---- INPUT DATA

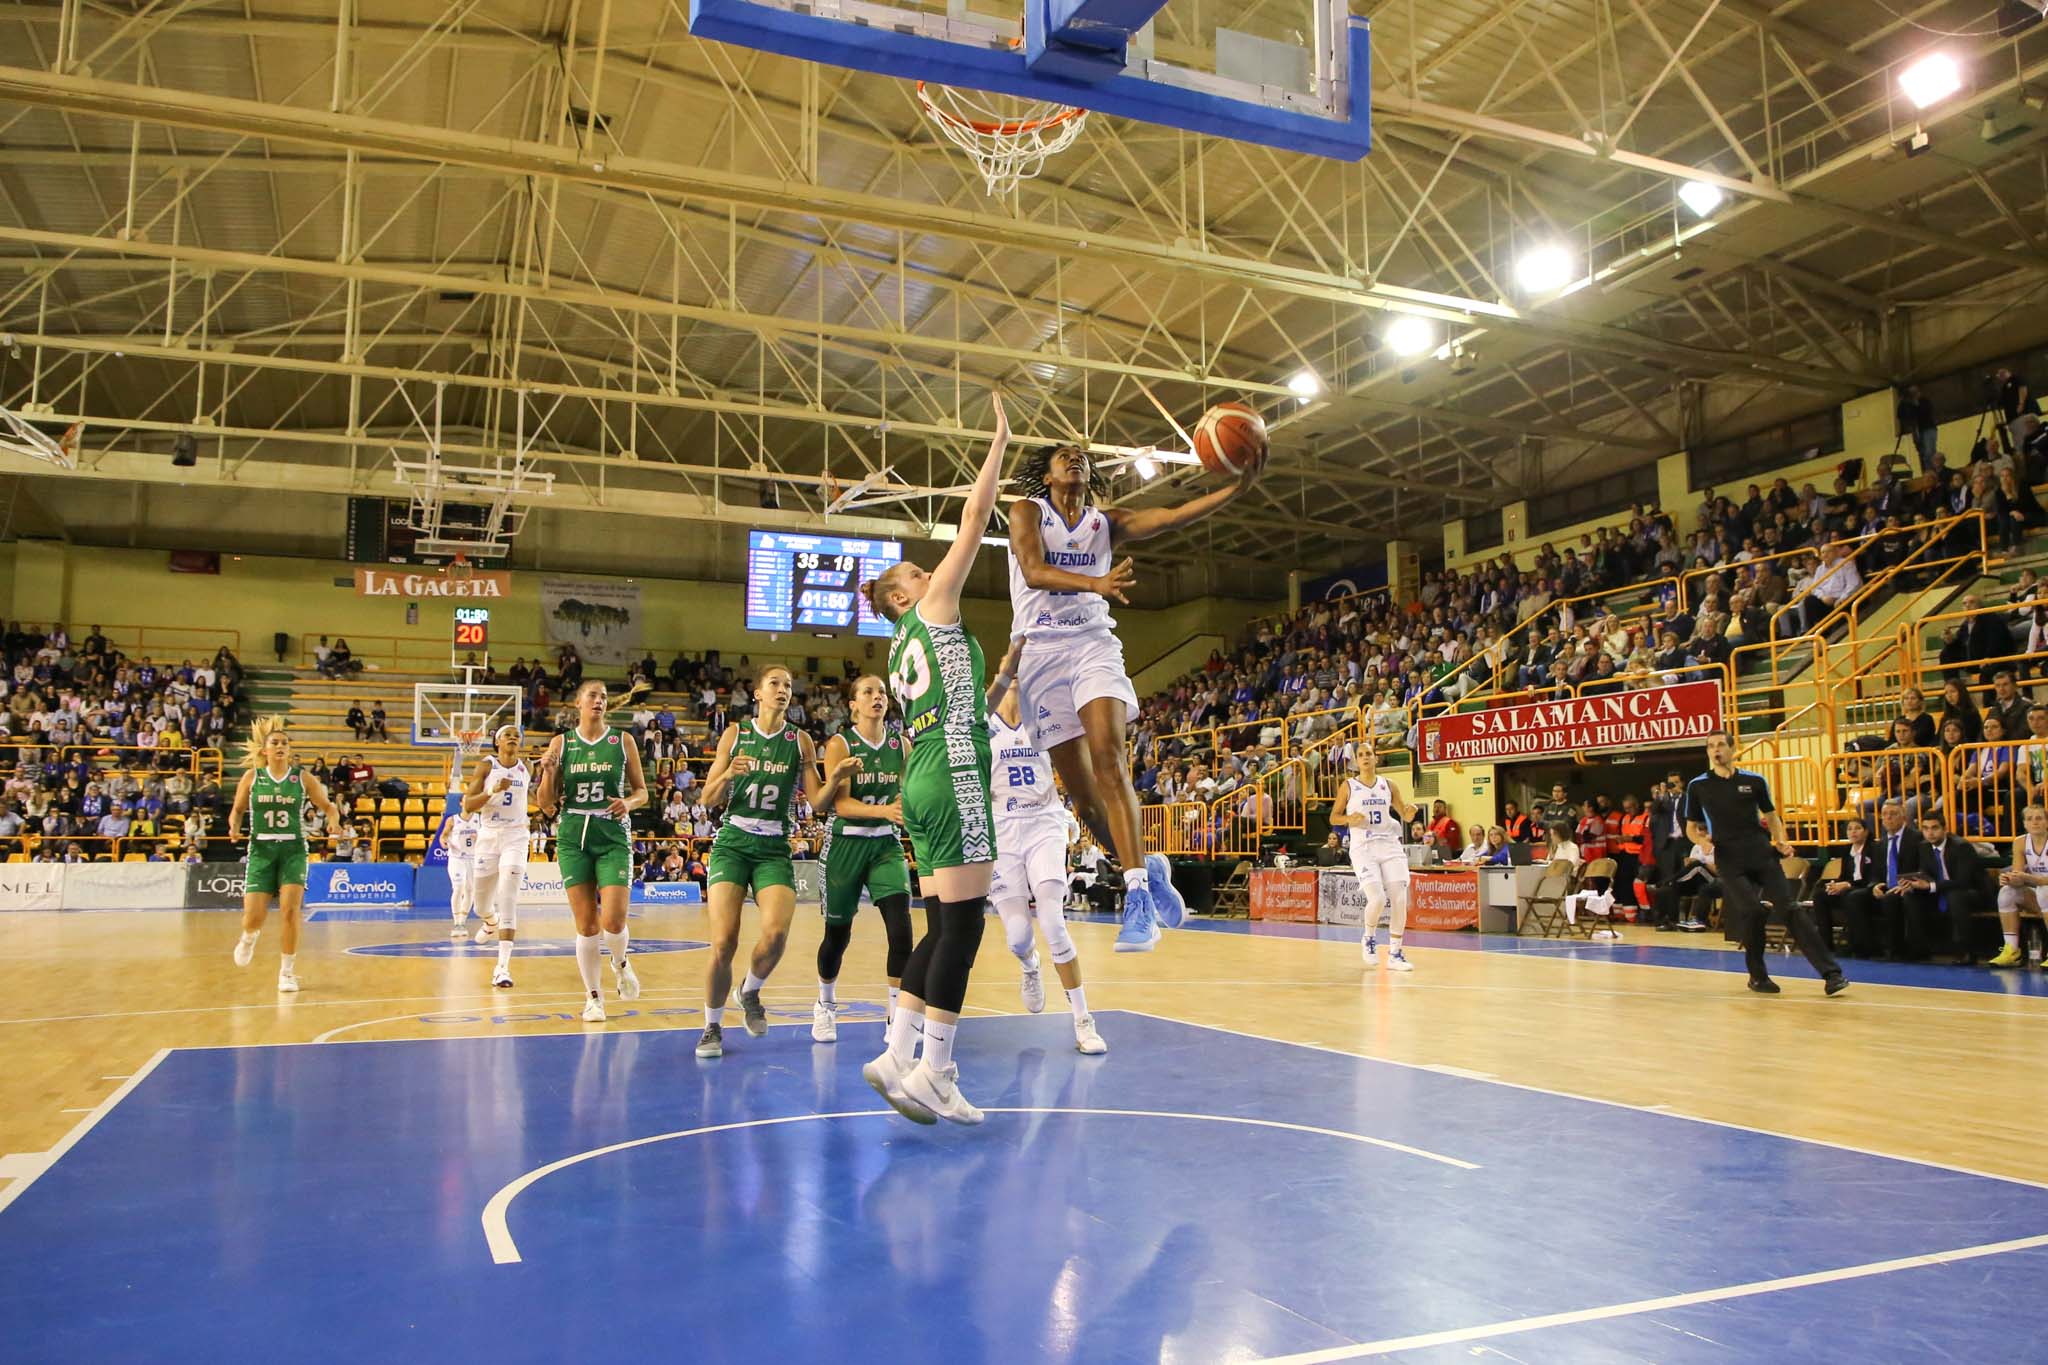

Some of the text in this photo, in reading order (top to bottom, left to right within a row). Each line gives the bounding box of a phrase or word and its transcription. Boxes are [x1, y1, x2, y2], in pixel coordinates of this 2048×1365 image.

[797, 552, 855, 572] 35 18
[1045, 551, 1097, 567] AVENIDA
[364, 570, 502, 597] LA GACETA
[801, 591, 849, 610] 01:50
[456, 608, 488, 621] 01:50
[803, 609, 814, 623] 2
[456, 624, 484, 644] 20
[1472, 690, 1679, 737] SALAMANCA
[1445, 713, 1714, 760] PATRIMONIO DE LA HUMANIDAD
[1000, 747, 1040, 760] AVENIDA
[1007, 765, 1036, 787] 28
[501, 791, 513, 807] 3
[575, 780, 605, 804] 55
[744, 783, 780, 810] 12
[263, 810, 290, 829] 13
[1368, 810, 1382, 825] 13
[465, 838, 473, 847] 6
[336, 879, 397, 893] avenida
[1415, 879, 1477, 895] Ayuntamiento
[1416, 895, 1477, 911] de Salamanca

--------

Output the records above in their entirety and exactly, leaving out all images.

Some of the text in this photo, in reading order (top to bottom, left to right within a row). Each line gives the bounding box of a phrase or word and its transcription. Boxes are [x1, y1, x2, y2], in pixel coordinates of this 2048×1365 image.

[797, 552, 855, 572] 35 18
[1045, 551, 1097, 567] AVENIDA
[364, 570, 502, 597] LA GACETA
[801, 591, 849, 610] 01:50
[456, 608, 488, 621] 01:50
[803, 609, 814, 623] 2
[456, 624, 484, 644] 20
[1472, 690, 1679, 737] SALAMANCA
[1445, 713, 1714, 760] PATRIMONIO DE LA HUMANIDAD
[1000, 747, 1040, 760] AVENIDA
[1007, 765, 1036, 787] 28
[501, 791, 513, 807] 3
[575, 780, 605, 804] 55
[744, 783, 780, 810] 12
[263, 810, 290, 829] 13
[1368, 810, 1382, 825] 13
[465, 838, 473, 847] 6
[336, 879, 397, 893] avenida
[1415, 879, 1477, 895] Ayuntamiento
[1416, 895, 1477, 911] de Salamanca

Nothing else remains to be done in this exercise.